» **What to do**: Each line of the listing is to be copied exactly.

» **Given entries**:
-*-*-
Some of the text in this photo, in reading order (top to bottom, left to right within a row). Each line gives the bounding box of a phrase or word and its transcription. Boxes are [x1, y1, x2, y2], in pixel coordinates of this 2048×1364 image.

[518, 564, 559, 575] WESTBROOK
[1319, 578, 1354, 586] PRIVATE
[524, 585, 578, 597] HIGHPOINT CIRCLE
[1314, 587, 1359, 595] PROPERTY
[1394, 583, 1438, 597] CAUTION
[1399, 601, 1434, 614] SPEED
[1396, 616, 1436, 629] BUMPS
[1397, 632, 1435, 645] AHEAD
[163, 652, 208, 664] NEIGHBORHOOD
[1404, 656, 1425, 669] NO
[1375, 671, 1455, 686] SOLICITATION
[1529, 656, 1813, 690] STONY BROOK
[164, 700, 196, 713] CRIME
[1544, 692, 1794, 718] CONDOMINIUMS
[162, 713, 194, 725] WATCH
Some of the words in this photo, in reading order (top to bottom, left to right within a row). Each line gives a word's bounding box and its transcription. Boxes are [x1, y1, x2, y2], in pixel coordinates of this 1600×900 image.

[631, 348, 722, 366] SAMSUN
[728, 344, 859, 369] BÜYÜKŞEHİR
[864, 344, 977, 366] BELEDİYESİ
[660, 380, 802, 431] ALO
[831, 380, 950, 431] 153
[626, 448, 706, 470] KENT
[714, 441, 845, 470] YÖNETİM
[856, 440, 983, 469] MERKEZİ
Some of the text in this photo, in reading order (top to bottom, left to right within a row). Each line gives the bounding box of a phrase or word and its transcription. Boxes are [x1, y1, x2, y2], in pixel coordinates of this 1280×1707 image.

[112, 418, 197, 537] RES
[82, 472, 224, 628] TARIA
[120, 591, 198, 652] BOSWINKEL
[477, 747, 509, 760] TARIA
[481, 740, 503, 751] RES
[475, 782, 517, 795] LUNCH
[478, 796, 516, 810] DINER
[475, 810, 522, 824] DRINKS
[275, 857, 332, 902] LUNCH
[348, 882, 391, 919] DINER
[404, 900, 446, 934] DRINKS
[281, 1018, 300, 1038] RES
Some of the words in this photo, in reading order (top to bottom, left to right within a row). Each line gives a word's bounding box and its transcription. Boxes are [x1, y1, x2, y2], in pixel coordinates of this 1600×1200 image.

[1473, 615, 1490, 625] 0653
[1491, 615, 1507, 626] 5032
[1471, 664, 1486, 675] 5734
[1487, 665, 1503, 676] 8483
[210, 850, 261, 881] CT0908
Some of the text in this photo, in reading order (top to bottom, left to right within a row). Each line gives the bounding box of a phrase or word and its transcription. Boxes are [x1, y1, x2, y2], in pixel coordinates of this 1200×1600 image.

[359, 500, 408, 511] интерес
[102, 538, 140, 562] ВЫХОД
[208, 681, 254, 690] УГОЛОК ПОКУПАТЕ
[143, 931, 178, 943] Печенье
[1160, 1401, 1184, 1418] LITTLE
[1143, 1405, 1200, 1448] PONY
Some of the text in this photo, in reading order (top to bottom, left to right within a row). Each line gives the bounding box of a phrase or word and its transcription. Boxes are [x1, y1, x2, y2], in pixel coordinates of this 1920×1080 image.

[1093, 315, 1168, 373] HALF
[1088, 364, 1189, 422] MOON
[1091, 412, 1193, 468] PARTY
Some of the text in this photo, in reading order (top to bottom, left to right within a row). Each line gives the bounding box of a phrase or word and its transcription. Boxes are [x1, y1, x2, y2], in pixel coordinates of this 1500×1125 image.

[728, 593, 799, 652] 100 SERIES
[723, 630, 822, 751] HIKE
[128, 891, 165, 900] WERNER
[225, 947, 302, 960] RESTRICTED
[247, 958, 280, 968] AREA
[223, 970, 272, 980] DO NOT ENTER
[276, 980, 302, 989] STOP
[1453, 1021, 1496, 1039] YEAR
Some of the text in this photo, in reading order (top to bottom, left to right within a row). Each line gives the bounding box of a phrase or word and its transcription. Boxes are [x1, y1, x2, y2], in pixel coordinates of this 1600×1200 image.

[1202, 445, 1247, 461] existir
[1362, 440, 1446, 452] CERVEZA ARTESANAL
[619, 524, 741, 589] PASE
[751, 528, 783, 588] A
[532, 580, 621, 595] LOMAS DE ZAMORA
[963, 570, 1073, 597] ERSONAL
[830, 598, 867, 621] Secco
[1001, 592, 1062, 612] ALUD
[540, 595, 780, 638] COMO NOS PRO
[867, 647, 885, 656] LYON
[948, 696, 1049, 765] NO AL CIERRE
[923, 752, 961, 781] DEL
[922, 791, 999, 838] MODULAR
-*-*-
» **The completed task**:
Some of the text in this photo, in reading order (top to bottom, left to right within a row). Each line gives the bounding box of a phrase or word and its transcription. Boxes are [x1, y1, x2, y2], in pixel coordinates of this 2048×1364 image.

[518, 564, 559, 575] WESTBROOK
[1319, 578, 1354, 586] PRIVATE
[524, 585, 578, 597] HIGHPOINT CIRCLE
[1314, 587, 1359, 595] PROPERTY
[1394, 583, 1438, 597] CAUTION
[1399, 601, 1434, 614] SPEED
[1396, 616, 1436, 629] BUMPS
[1397, 632, 1435, 645] AHEAD
[163, 652, 208, 664] NEIGHBORHOOD
[1404, 656, 1425, 669] NO
[1375, 671, 1455, 686] SOLICITATION
[1529, 656, 1813, 690] STONY BROOK
[164, 700, 196, 713] CRIME
[1544, 692, 1794, 718] CONDOMINIUMS
[162, 713, 194, 725] WATCH
Some of the words in this photo, in reading order (top to bottom, left to right within a row). Each line gives a word's bounding box and its transcription. Boxes are [x1, y1, x2, y2], in pixel coordinates of this 1600×900 image.

[631, 348, 722, 366] SAMSUN
[728, 344, 859, 369] BÜYÜKŞEHİR
[864, 344, 977, 366] BELEDİYESİ
[660, 380, 802, 431] ALO
[831, 380, 950, 431] 153
[626, 448, 706, 470] KENT
[714, 441, 845, 470] YÖNETİM
[856, 440, 983, 469] MERKEZİ
Some of the text in this photo, in reading order (top to bottom, left to right within a row). Each line gives the bounding box of a phrase or word and its transcription. Boxes are [x1, y1, x2, y2], in pixel coordinates of this 1280×1707 image.

[112, 418, 197, 537] RES
[82, 472, 224, 628] TARIA
[120, 591, 198, 652] BOSWINKEL
[477, 747, 509, 760] TARIA
[481, 740, 503, 751] RES
[475, 782, 517, 795] LUNCH
[478, 796, 516, 810] DINER
[475, 810, 522, 824] DRINKS
[275, 857, 332, 902] LUNCH
[348, 882, 391, 919] DINER
[404, 900, 446, 934] DRINKS
[281, 1018, 300, 1038] RES
Some of the words in this photo, in reading order (top to bottom, left to right within a row). Each line gives a word's bounding box and its transcription. Boxes are [x1, y1, x2, y2], in pixel coordinates of this 1600×1200 image.

[1473, 615, 1490, 625] 0653
[1491, 615, 1507, 626] 5032
[1471, 664, 1486, 675] 5734
[1487, 665, 1503, 676] 8483
[210, 850, 261, 881] CT0908
Some of the text in this photo, in reading order (top to bottom, left to right within a row). Each line gives the bounding box of a phrase or word and its transcription. Boxes are [x1, y1, x2, y2], in pixel coordinates of this 1200×1600 image.

[359, 500, 408, 511] интерес
[102, 538, 140, 562] ВЫХОД
[208, 681, 254, 690] УГОЛОК ПОКУПАТЕ
[143, 931, 178, 943] Печенье
[1160, 1401, 1184, 1418] LITTLE
[1143, 1405, 1200, 1448] PONY
Some of the text in this photo, in reading order (top to bottom, left to right within a row). Each line gives the bounding box of a phrase or word and its transcription. Boxes are [x1, y1, x2, y2], in pixel coordinates of this 1920×1080 image.

[1093, 315, 1168, 373] HALF
[1088, 364, 1189, 422] MOON
[1091, 412, 1193, 468] PARTY
Some of the text in this photo, in reading order (top to bottom, left to right within a row). Each line gives the bounding box of a phrase or word and its transcription. Boxes are [x1, y1, x2, y2], in pixel coordinates of this 1500×1125 image.

[728, 593, 799, 652] 100 SERIES
[723, 630, 822, 751] HIKE
[128, 891, 165, 900] WERNER
[225, 947, 302, 960] RESTRICTED
[247, 958, 280, 968] AREA
[223, 970, 272, 980] DO NOT ENTER
[276, 980, 302, 989] STOP
[1453, 1021, 1496, 1039] YEAR
Some of the text in this photo, in reading order (top to bottom, left to right within a row). Each line gives the bounding box of a phrase or word and its transcription. Boxes are [x1, y1, x2, y2], in pixel coordinates of this 1600×1200 image.

[1202, 445, 1247, 461] existir
[1362, 440, 1446, 452] CERVEZA ARTESANAL
[619, 524, 741, 589] PASE
[751, 528, 783, 588] A
[532, 580, 621, 595] LOMAS DE ZAMORA
[963, 570, 1073, 597] ERSONAL
[830, 598, 867, 621] Secco
[1001, 592, 1062, 612] ALUD
[540, 595, 780, 638] COMO NOS PRO
[867, 647, 885, 656] LYON
[948, 696, 1049, 765] NO AL CIERRE
[923, 752, 961, 781] DEL
[922, 791, 999, 838] MODULAR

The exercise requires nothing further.